Anlogic provides LED display driver systems based on its FPGAs, with PH1P35 and PH1P50 series as core devices, to meet the demand for efficient LED display driving. This solution is applicable to scenarios that require single-card large-area driving, diversified video data processing, efficient communication protocol operation and image data processing, which can be matched with Anlogic PH1P35 and PH1P50 series.

Features

• Gigabit Transmission & Large-Area Driving:

  Based on Anlogic FPGAs, supports Gigabit Ethernet/high-speed data transmission and single-card large-area driving.

• Abundant Logical Resources:

  Rich on-chip logic for diversified video processing and dot-matrix driving.

• Integrated Hardware (PH1P35 & PH1P50):

  Built-in MCU hard core and DDR memory.

• Efficient Data Processing:

  Simplifies communication protocols and improves correction data efficiency.

• Flexible Resource Utilization:

  Frees FPGA logic for more driving and image processing functions.

  
  

Advantages of FPGA Technical Architecture

• Rich FPGA I/O voltage standards support the construction of high-speed network transmission link systems such as 1Gbps and 5Gbps.

• MCU can implements protocol and data parsing/processing, correction data management, and other intelligent control. Realize intelligent interaction between MCU and FPGA logic through the bus, it reduces FPGA logic resource consumption and subsequent maintenance time, enabling the system to support more display functions.

• The SERDES in the PH1P50 series meets high-bandwidth requirements, with a single SERDES lane delivering 5–10Gbps data rate. The 4-lane SERDES supports DP/HDMI high-definition speed, providing a cost-effective solution for direct video connection.

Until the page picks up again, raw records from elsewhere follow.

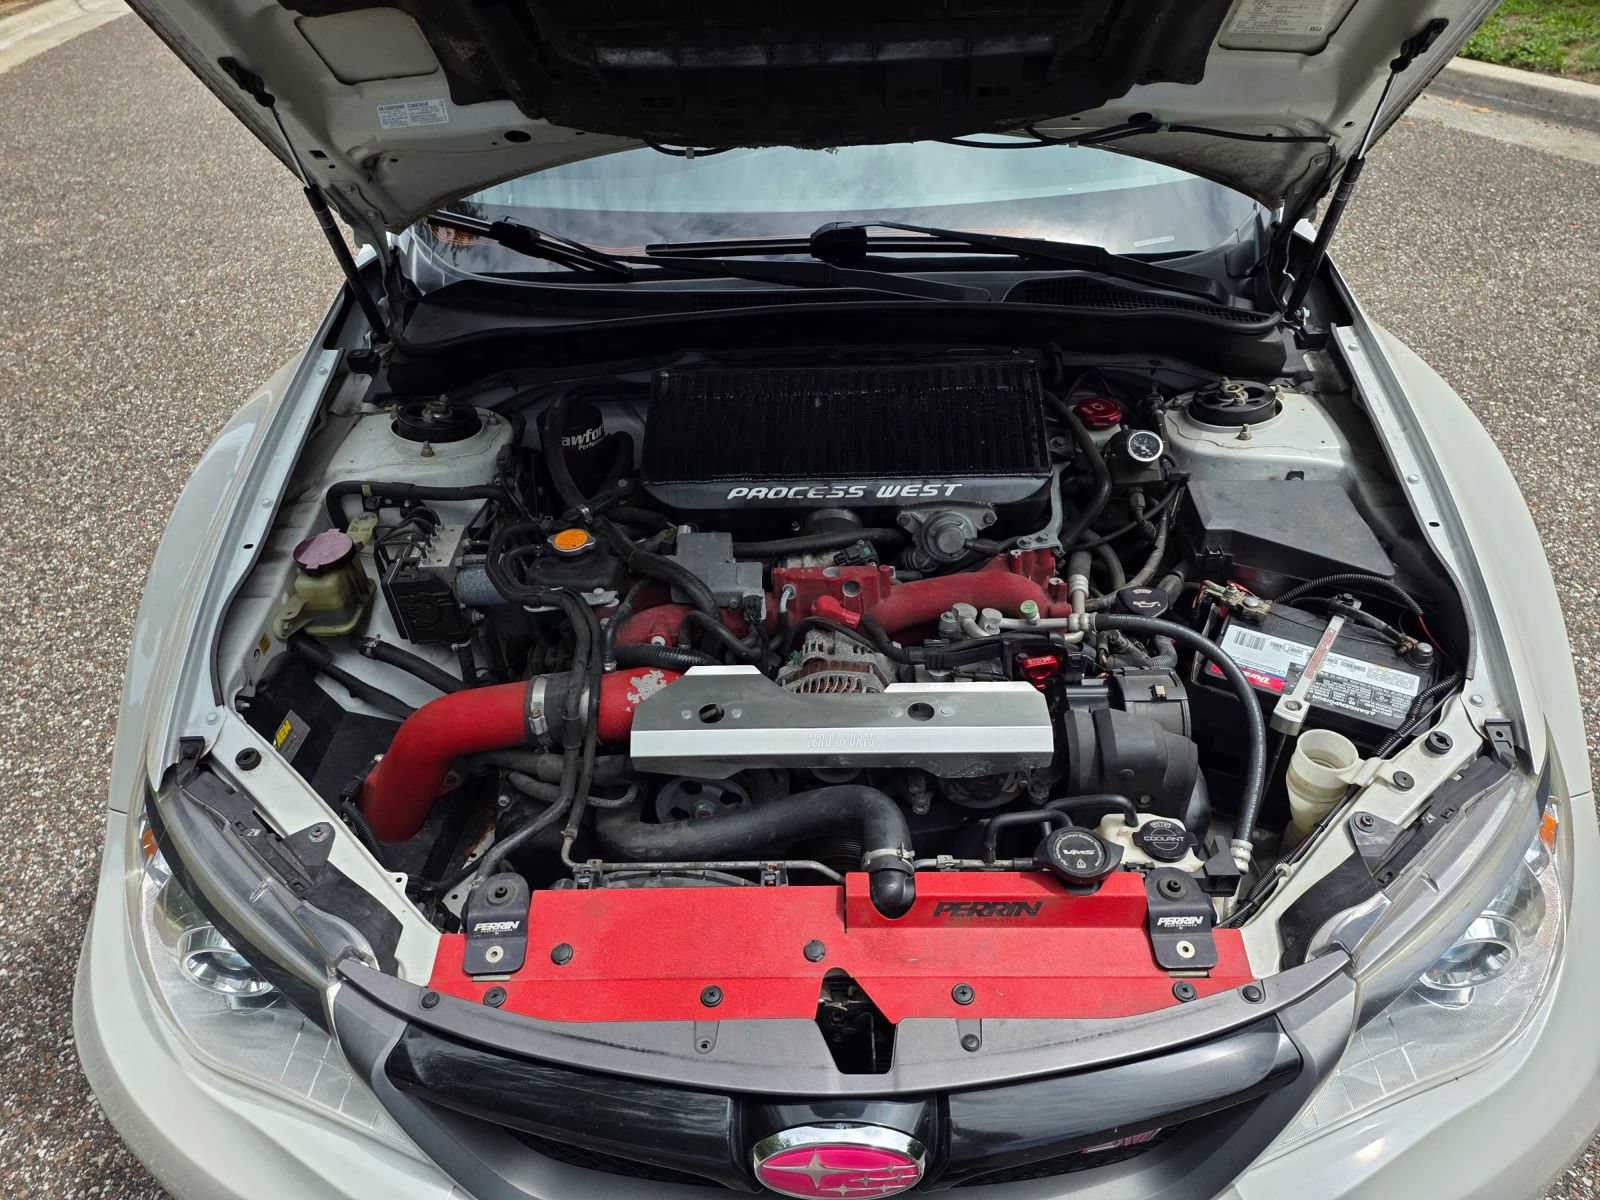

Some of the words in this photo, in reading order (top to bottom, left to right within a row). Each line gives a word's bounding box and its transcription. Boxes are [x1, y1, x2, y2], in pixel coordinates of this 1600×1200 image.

[727, 486, 867, 500] PROCESS
[876, 483, 963, 499] WEST
[1243, 670, 1271, 684] Dura
[933, 901, 1043, 918] PERRIN
[473, 920, 520, 931] PERRIN
[1157, 916, 1204, 926] PERRIN
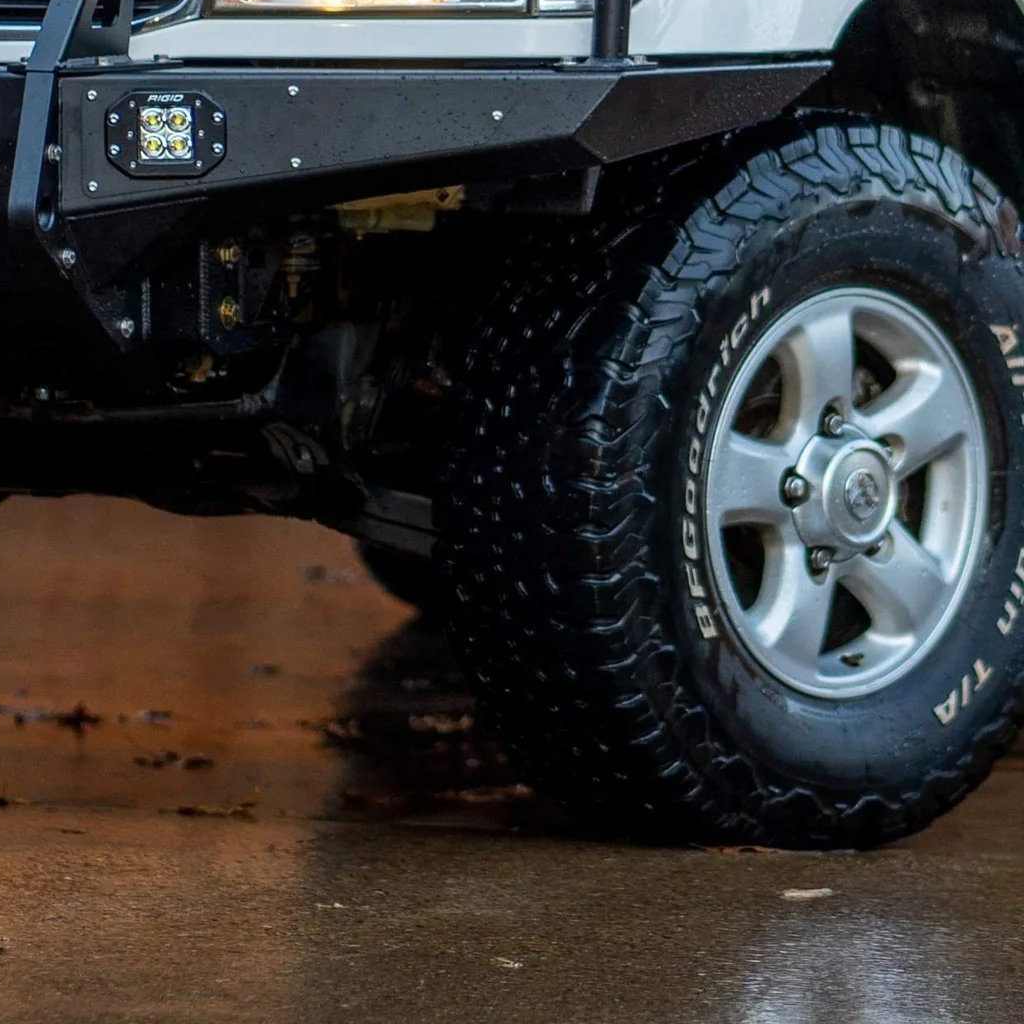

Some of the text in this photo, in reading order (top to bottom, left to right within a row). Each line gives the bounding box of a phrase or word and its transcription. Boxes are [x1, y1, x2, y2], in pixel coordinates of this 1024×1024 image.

[147, 94, 184, 102] RIGID
[682, 285, 770, 639] BFGoodrich
[933, 658, 993, 725] T/A

• FPGA integrates DDR memory with bandwidth supporting 6.4~8.5GB enables image and correction data buffering. The single-chip solution significantly reduces power consumption, improves memory bandwidth, lowers customers' PCB BOM costs, and shortens development cycles.

• The FPGA Dual Boot scheme enhances receiving card functionality, supporting high-definition image data driving for both constant-current sources and PWM drivers.

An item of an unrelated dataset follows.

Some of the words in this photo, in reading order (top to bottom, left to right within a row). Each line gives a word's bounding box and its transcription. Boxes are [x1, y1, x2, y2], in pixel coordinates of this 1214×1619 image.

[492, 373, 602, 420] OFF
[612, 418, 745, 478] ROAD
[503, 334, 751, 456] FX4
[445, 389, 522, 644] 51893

• 16–20bit grayscale control precision, supporting ultra-high refresh rates above 3840Hz (flicker-free when captured by mobile phones).

• Dynamic programmable gamma correction.

• Linkage with the LED automatic calibration system for automatic compensation of LED attenuation curves.

• Leveraging FPGA’s programmable logic resources, The increase and expansion of both display effects and driver chips of LED screens can achieve unlimited functional reconfiguration and iteration.

• Zero-latency response: The system achieves synchronous display across multiple cards from video signal input at the FPGA to LED output.

• Fault self-healing: Cyclic detection of dead pixels on the screen.

PH1P FPGA LED Solution

Features

• Highly Integrated Architecture:

  Built-in large on-chip image cache and high-speed interface MCU, deeply integrating FPGA programmability with LED processing.

• Precise & Flexible Control:

  Pixel-level precise control, suitable for high-end LED scenarios such as high-density small-pitch, conference all-in-one, cinema screens).

• Cost-Effective & Low Power:

  Reduces BOM, development costs and power consumption.

• Intelligent Pixel Art:

  Turns each LED unit into an intelligent pixel for artistic expression.